Data in this exercise section start

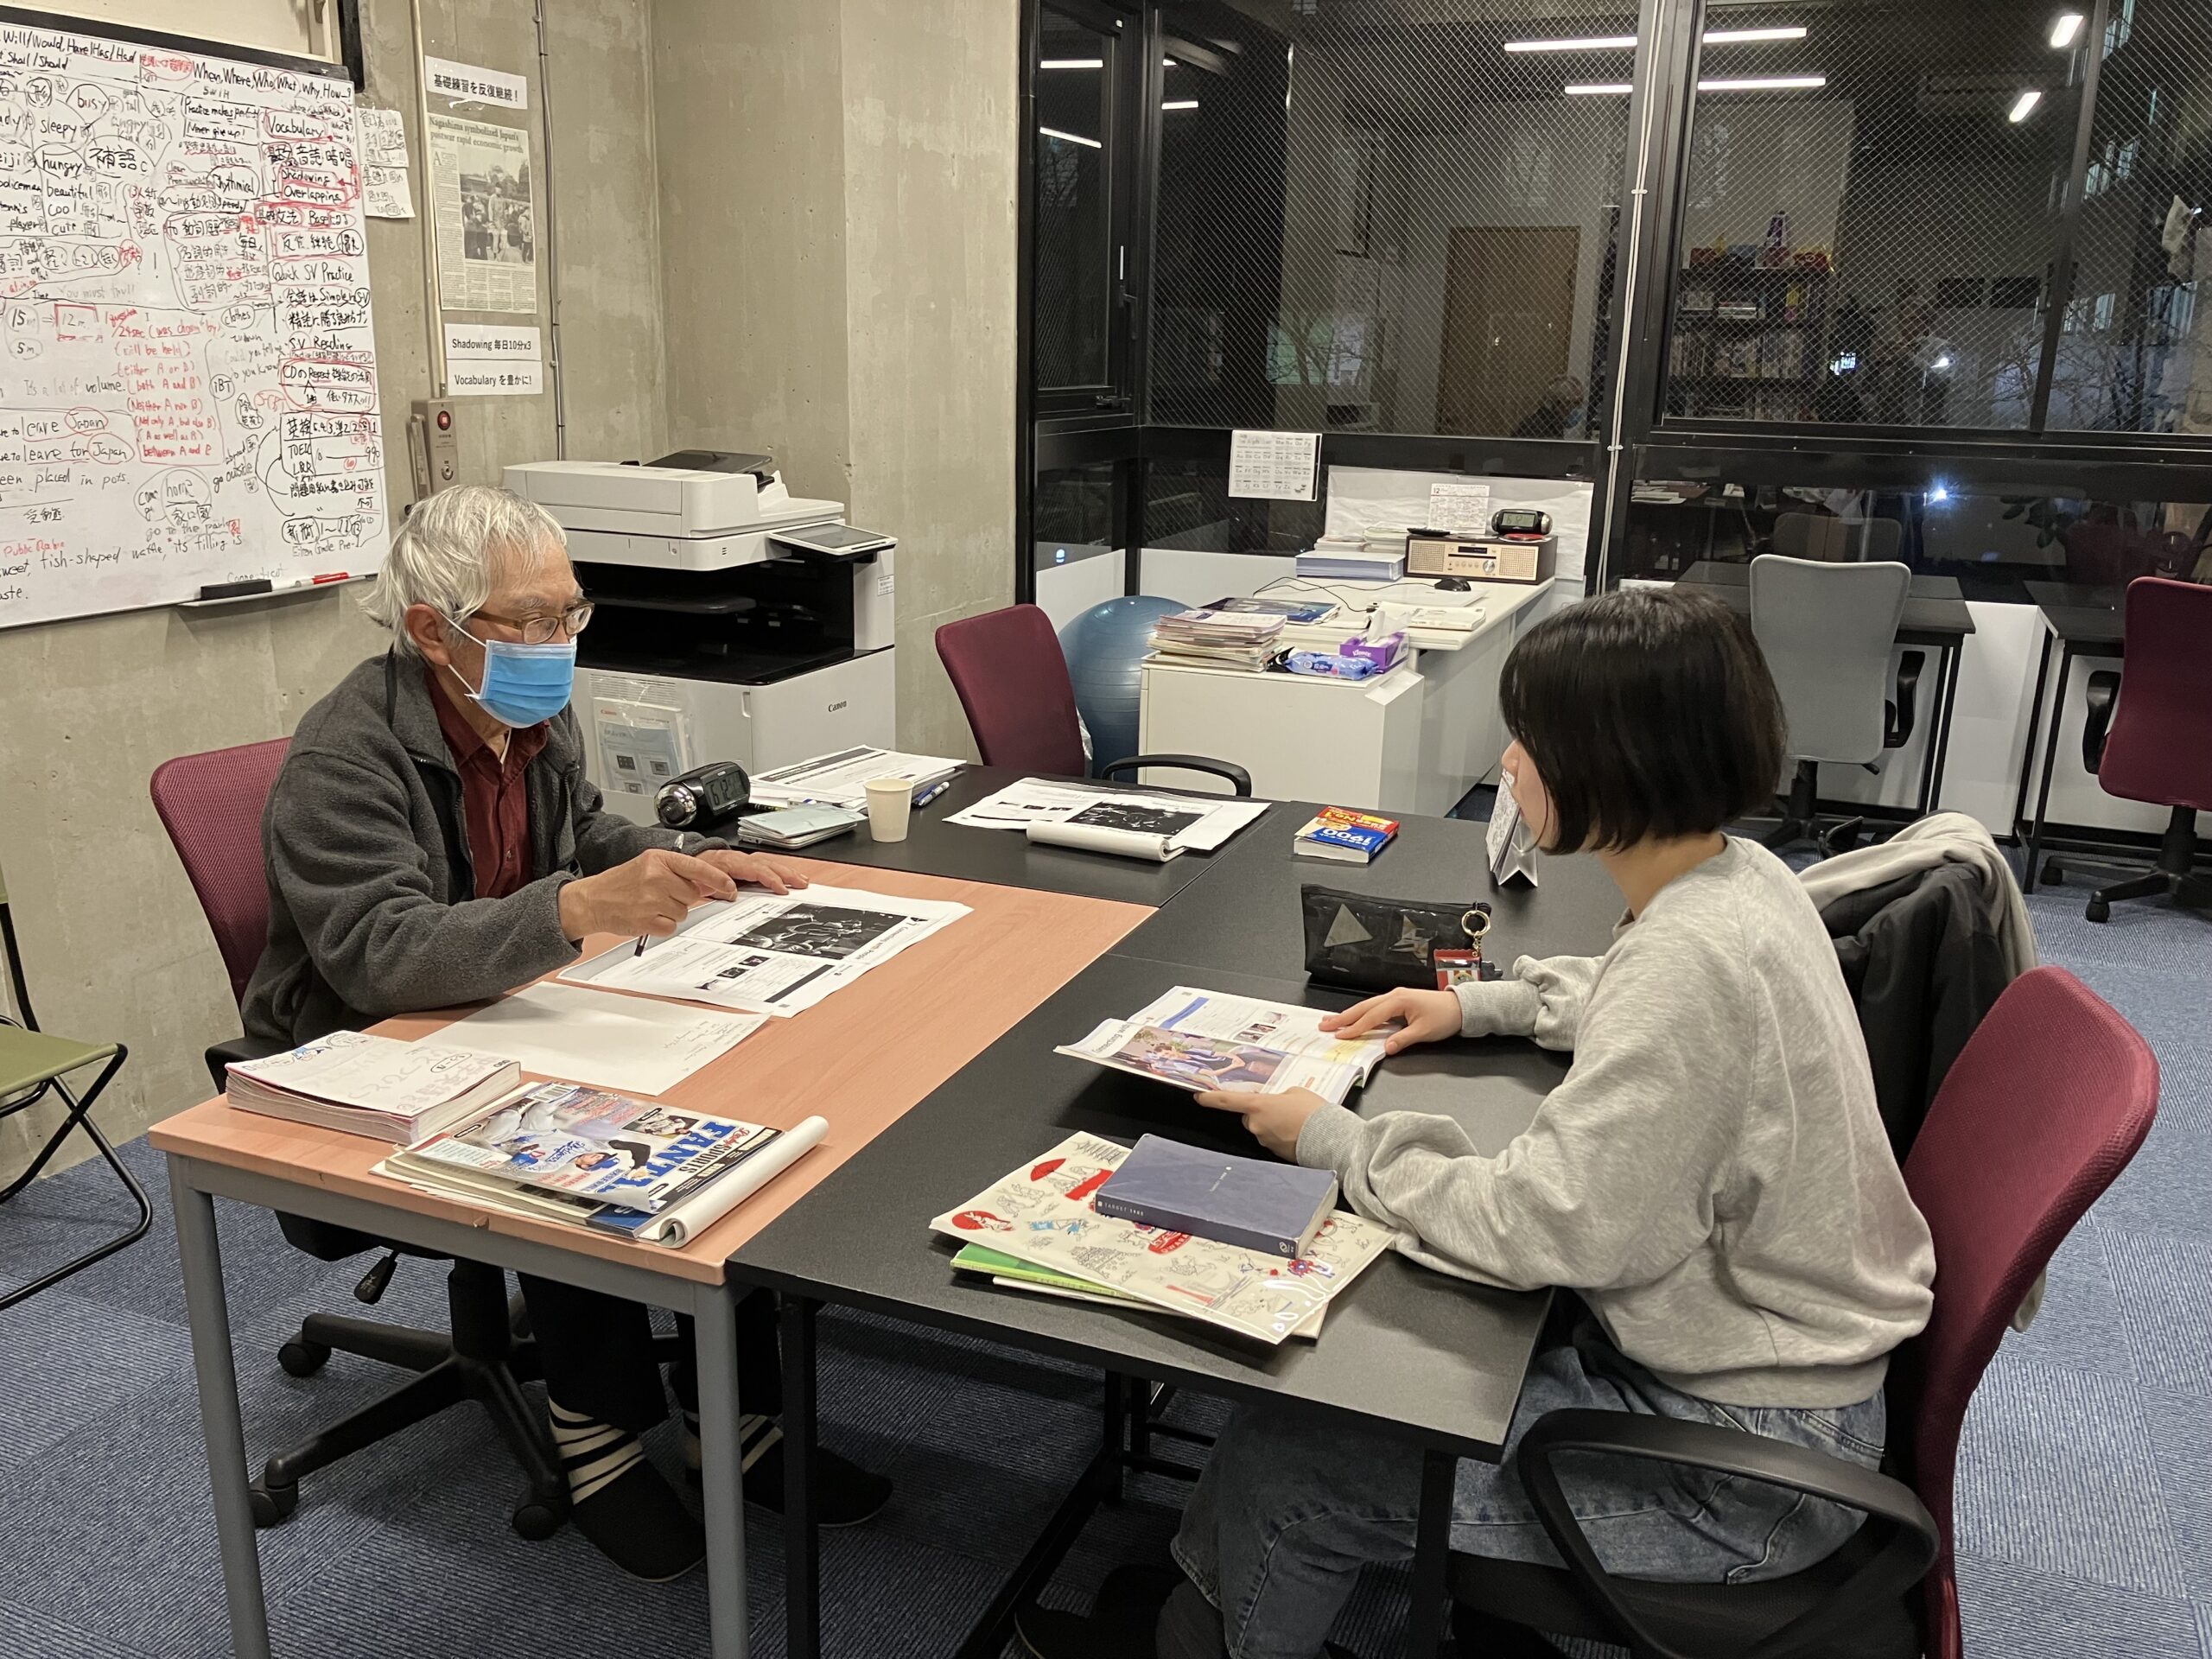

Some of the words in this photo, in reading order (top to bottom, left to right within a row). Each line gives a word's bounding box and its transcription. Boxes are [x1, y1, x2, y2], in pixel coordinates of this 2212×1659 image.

[434, 73, 518, 102] 基礎練習を反復継続！
[77, 88, 107, 113] busy
[41, 118, 78, 143] sleepy
[270, 115, 324, 138] Vocabulary
[42, 149, 84, 176] hungry
[47, 177, 93, 201] beautiful
[321, 262, 355, 283] Practice
[452, 338, 493, 351] Shadowing
[494, 339, 531, 351] 毎日10分x3
[86, 375, 126, 393] volume.
[454, 375, 497, 388] Vocabulary
[499, 374, 532, 386] を豊かに!
[68, 412, 105, 430] Japan
[24, 444, 62, 463] leave
[92, 442, 127, 461] Japan
[35, 467, 71, 493] placed
[80, 475, 93, 486] in
[40, 546, 123, 570] fish-shaped
[828, 700, 847, 713] Canon
[1323, 829, 1372, 844] 1900
[545, 1140, 586, 1163] Dodgers
[678, 1143, 731, 1173] SPORTS
[1104, 1201, 1128, 1212] TARGET
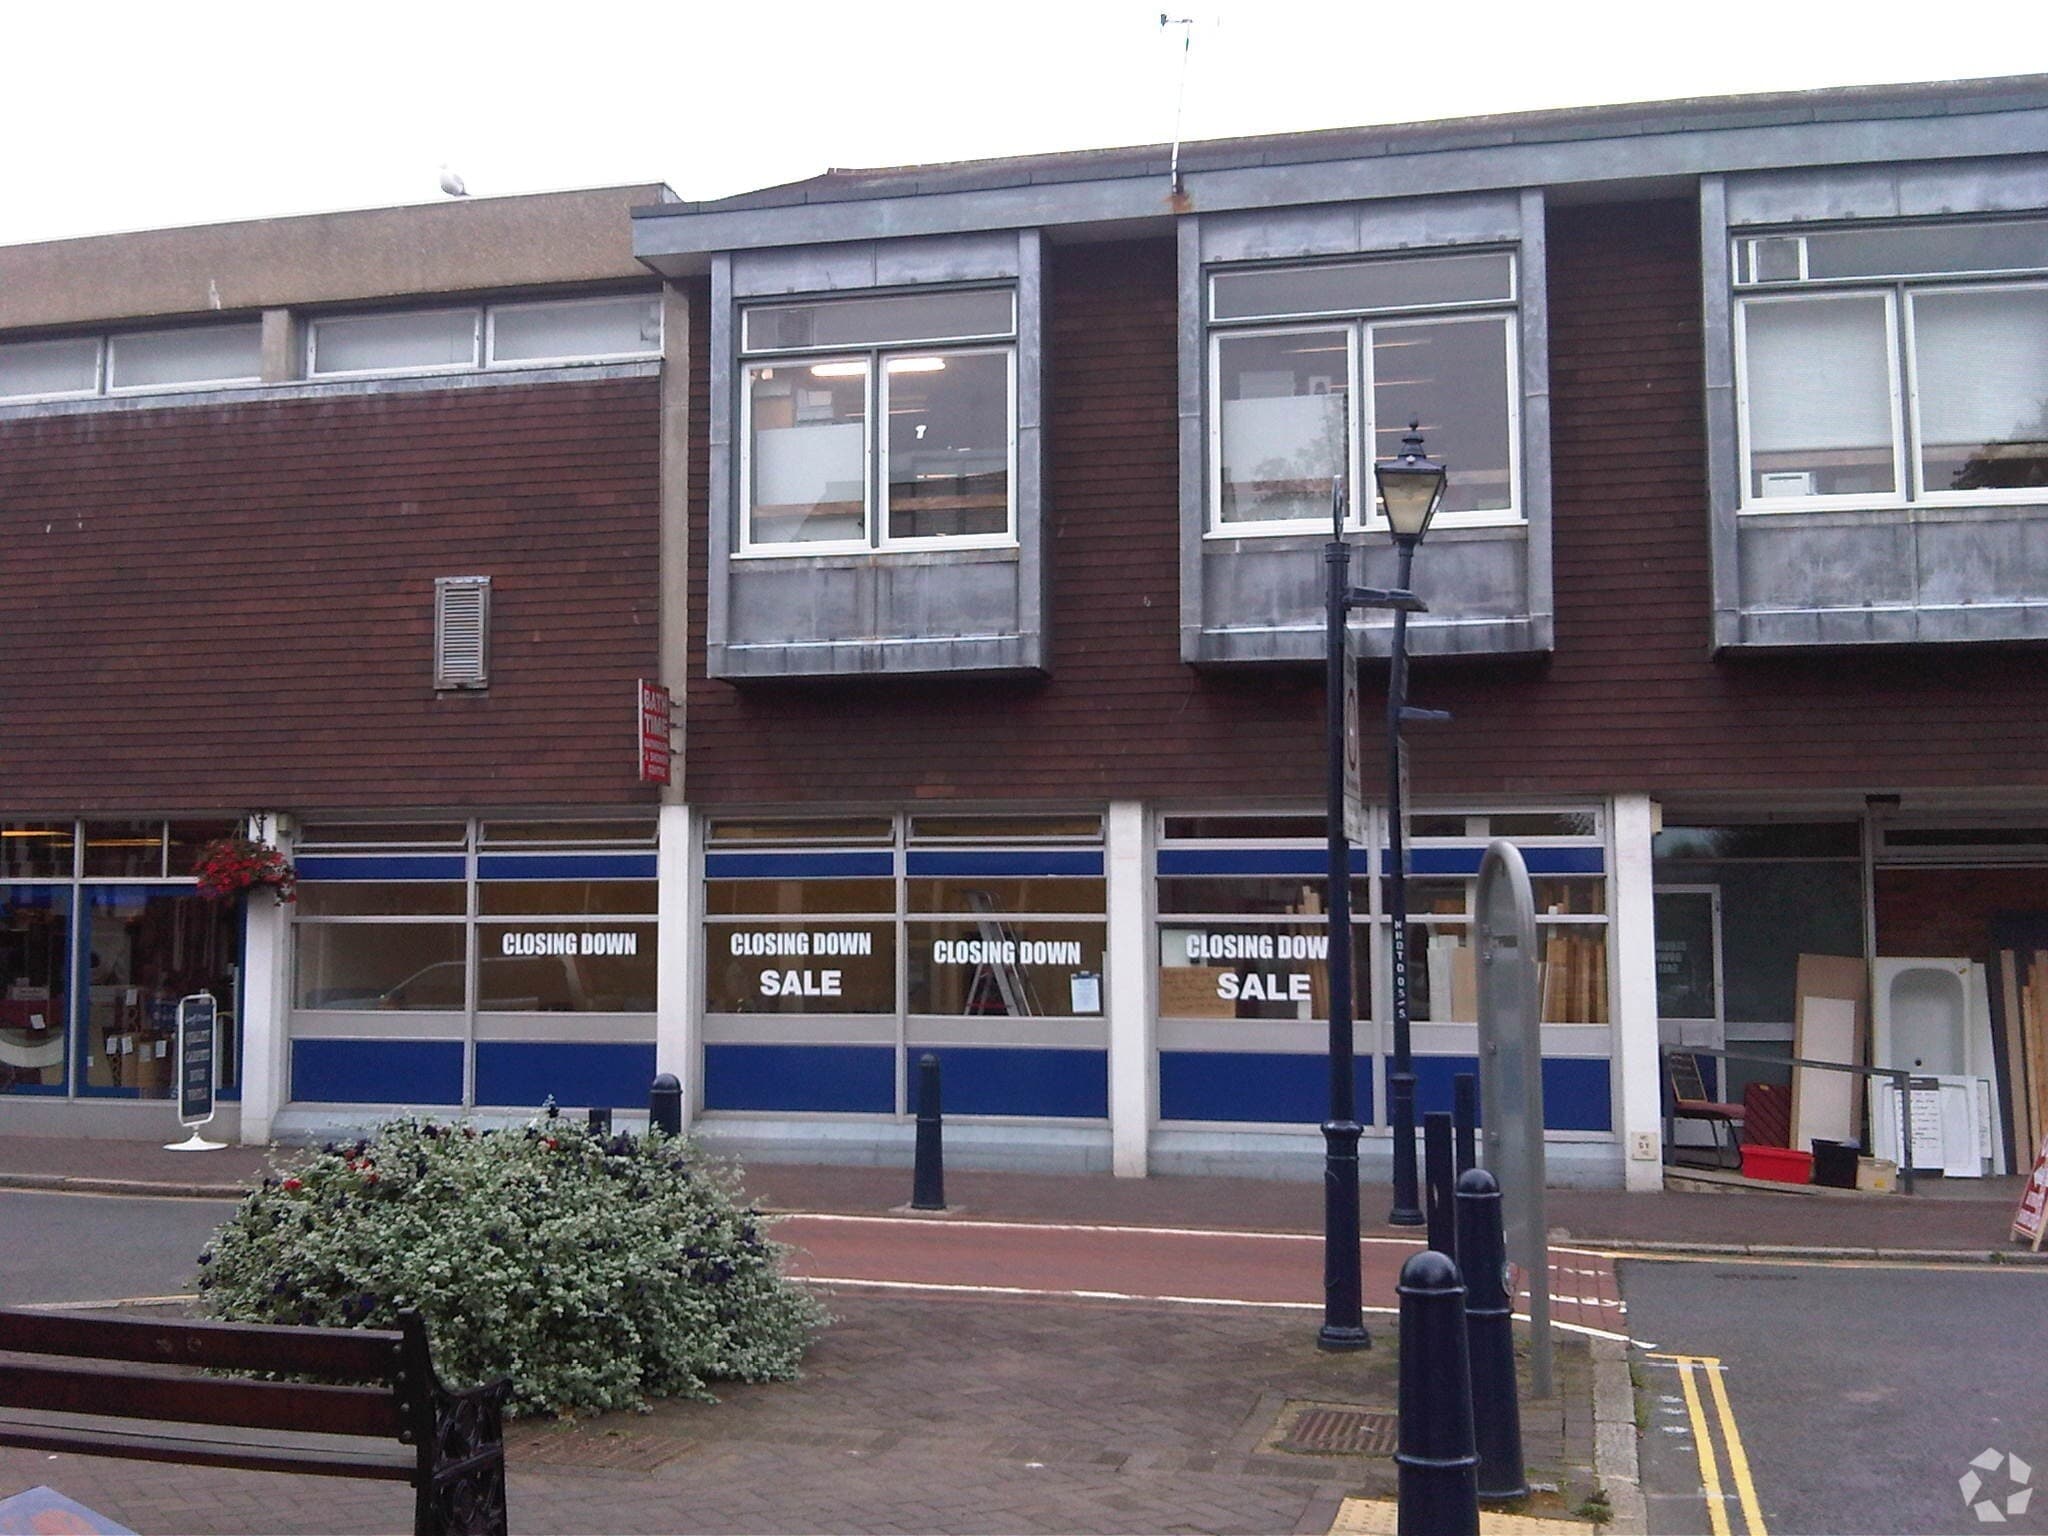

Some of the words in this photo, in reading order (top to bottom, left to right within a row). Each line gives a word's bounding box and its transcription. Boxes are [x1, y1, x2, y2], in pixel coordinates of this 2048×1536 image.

[502, 932, 578, 955] CLOSING
[581, 932, 637, 955] DOWN
[730, 932, 809, 956] CLOSING
[813, 932, 872, 956] DOWN
[933, 940, 1016, 964] CLOSING
[1019, 941, 1081, 965] DOWN
[1186, 934, 1274, 959] CLOSING
[1278, 935, 1329, 960] DOW
[760, 970, 842, 996] SALE
[1216, 972, 1312, 1001] SALE

Data in this exercise section end

The problem:
Give every entry again as it is, dropping its pictures.

Answer for this exercise:
Some of the words in this photo, in reading order (top to bottom, left to right within a row). Each line gives a word's bounding box and its transcription. Boxes are [x1, y1, x2, y2], in pixel coordinates of this 2212×1659 image.

[434, 73, 518, 102] 基礎練習を反復継続！
[77, 88, 107, 113] busy
[41, 118, 78, 143] sleepy
[270, 115, 324, 138] Vocabulary
[42, 149, 84, 176] hungry
[47, 177, 93, 201] beautiful
[321, 262, 355, 283] Practice
[452, 338, 493, 351] Shadowing
[494, 339, 531, 351] 毎日10分x3
[86, 375, 126, 393] volume.
[454, 375, 497, 388] Vocabulary
[499, 374, 532, 386] を豊かに!
[68, 412, 105, 430] Japan
[24, 444, 62, 463] leave
[92, 442, 127, 461] Japan
[35, 467, 71, 493] placed
[80, 475, 93, 486] in
[40, 546, 123, 570] fish-shaped
[828, 700, 847, 713] Canon
[1323, 829, 1372, 844] 1900
[545, 1140, 586, 1163] Dodgers
[678, 1143, 731, 1173] SPORTS
[1104, 1201, 1128, 1212] TARGET

Some of the words in this photo, in reading order (top to bottom, left to right within a row). Each line gives a word's bounding box and its transcription. Boxes are [x1, y1, x2, y2], in pixel coordinates of this 2048×1536 image.

[502, 932, 578, 955] CLOSING
[581, 932, 637, 955] DOWN
[730, 932, 809, 956] CLOSING
[813, 932, 872, 956] DOWN
[933, 940, 1016, 964] CLOSING
[1019, 941, 1081, 965] DOWN
[1186, 934, 1274, 959] CLOSING
[1278, 935, 1329, 960] DOW
[760, 970, 842, 996] SALE
[1216, 972, 1312, 1001] SALE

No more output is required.